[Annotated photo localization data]
=== Section Start ===
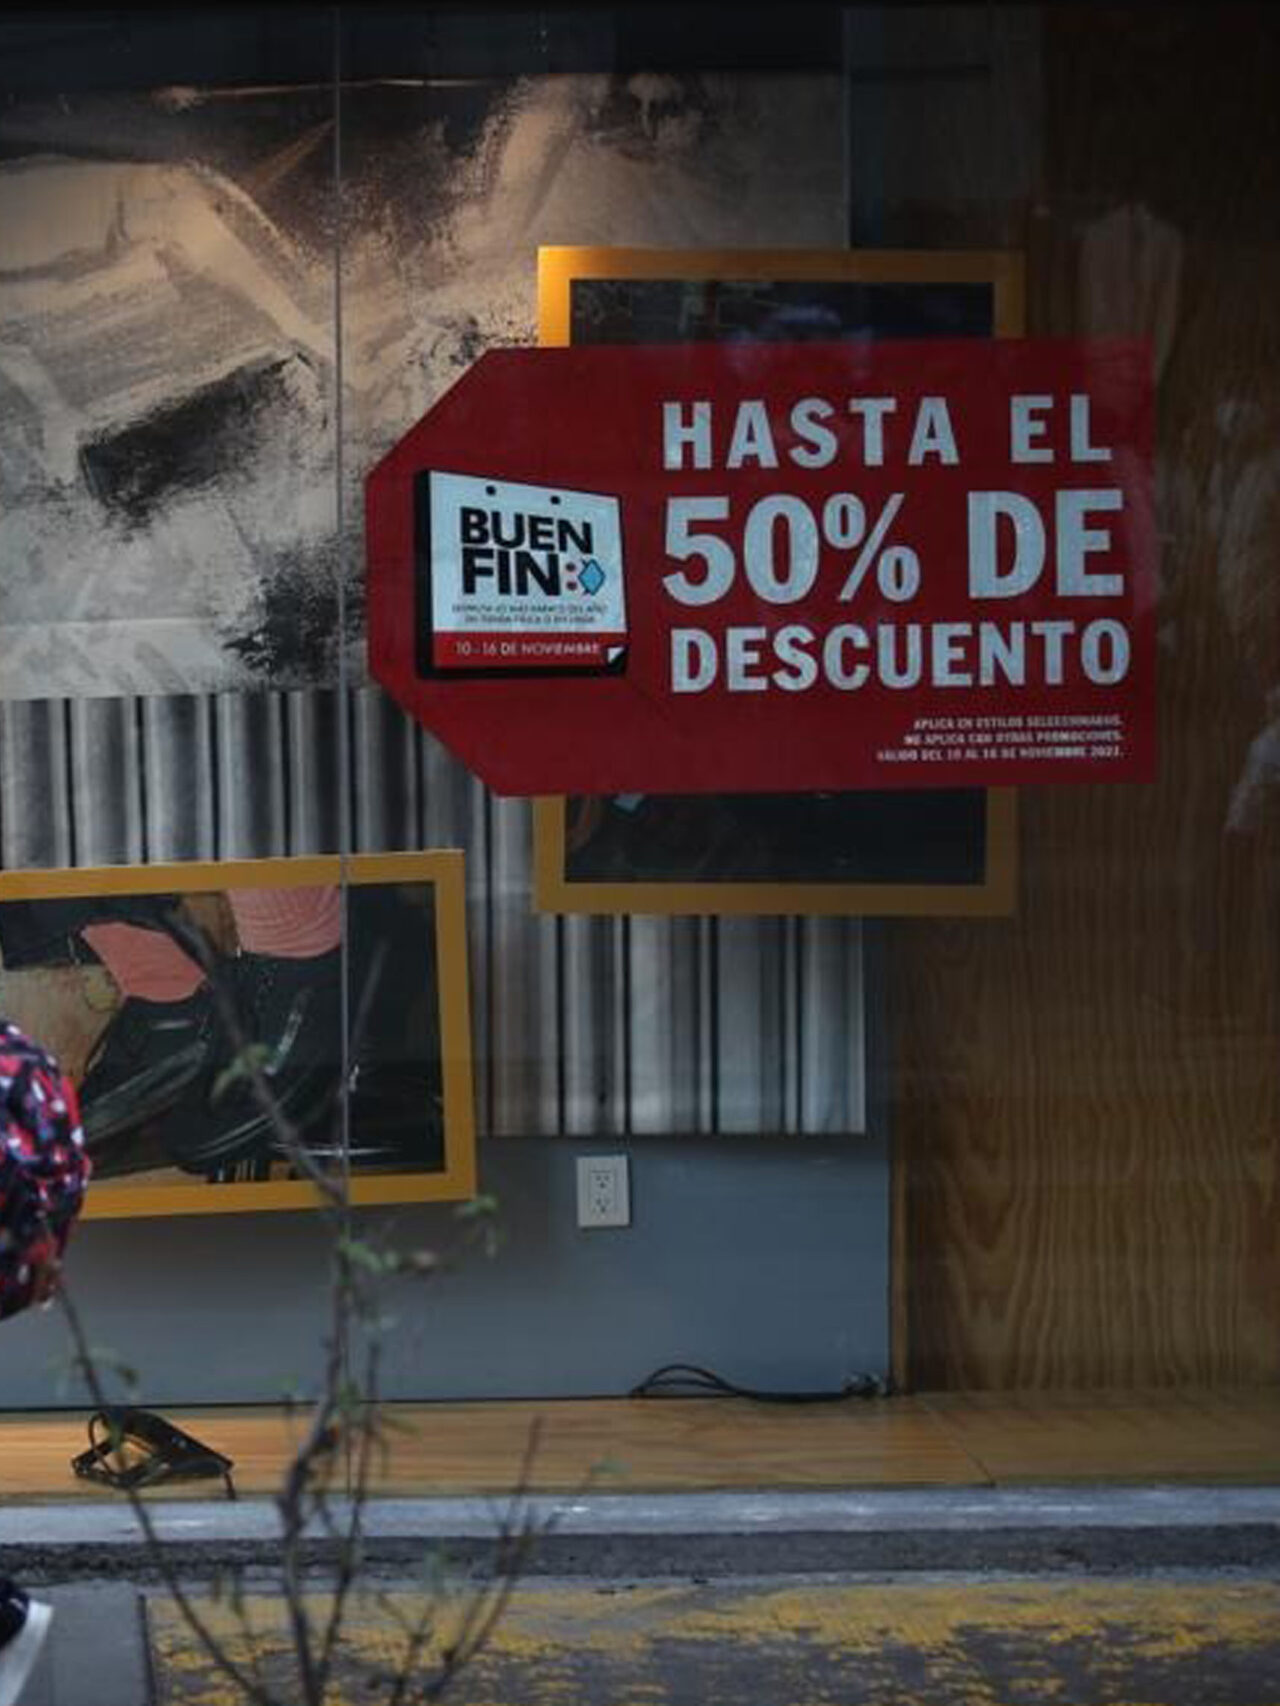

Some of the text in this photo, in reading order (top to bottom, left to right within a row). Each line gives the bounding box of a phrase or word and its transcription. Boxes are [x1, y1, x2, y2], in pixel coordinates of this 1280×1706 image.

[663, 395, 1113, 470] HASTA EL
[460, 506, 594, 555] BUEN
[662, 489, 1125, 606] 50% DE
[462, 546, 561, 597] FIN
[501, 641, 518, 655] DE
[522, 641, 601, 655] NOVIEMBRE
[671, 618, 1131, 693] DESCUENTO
=== Section End ===
Exercise goal — The data is to be returned exactly as it stands, pictures aside.

Answer for this exercise —
Some of the text in this photo, in reading order (top to bottom, left to right within a row). Each line gives the bounding box of a phrase or word and its transcription. Boxes are [x1, y1, x2, y2], in pixel coordinates of this 1280×1706 image.

[663, 395, 1113, 470] HASTA EL
[460, 506, 594, 555] BUEN
[662, 489, 1125, 606] 50% DE
[462, 546, 561, 597] FIN
[501, 641, 518, 655] DE
[522, 641, 601, 655] NOVIEMBRE
[671, 618, 1131, 693] DESCUENTO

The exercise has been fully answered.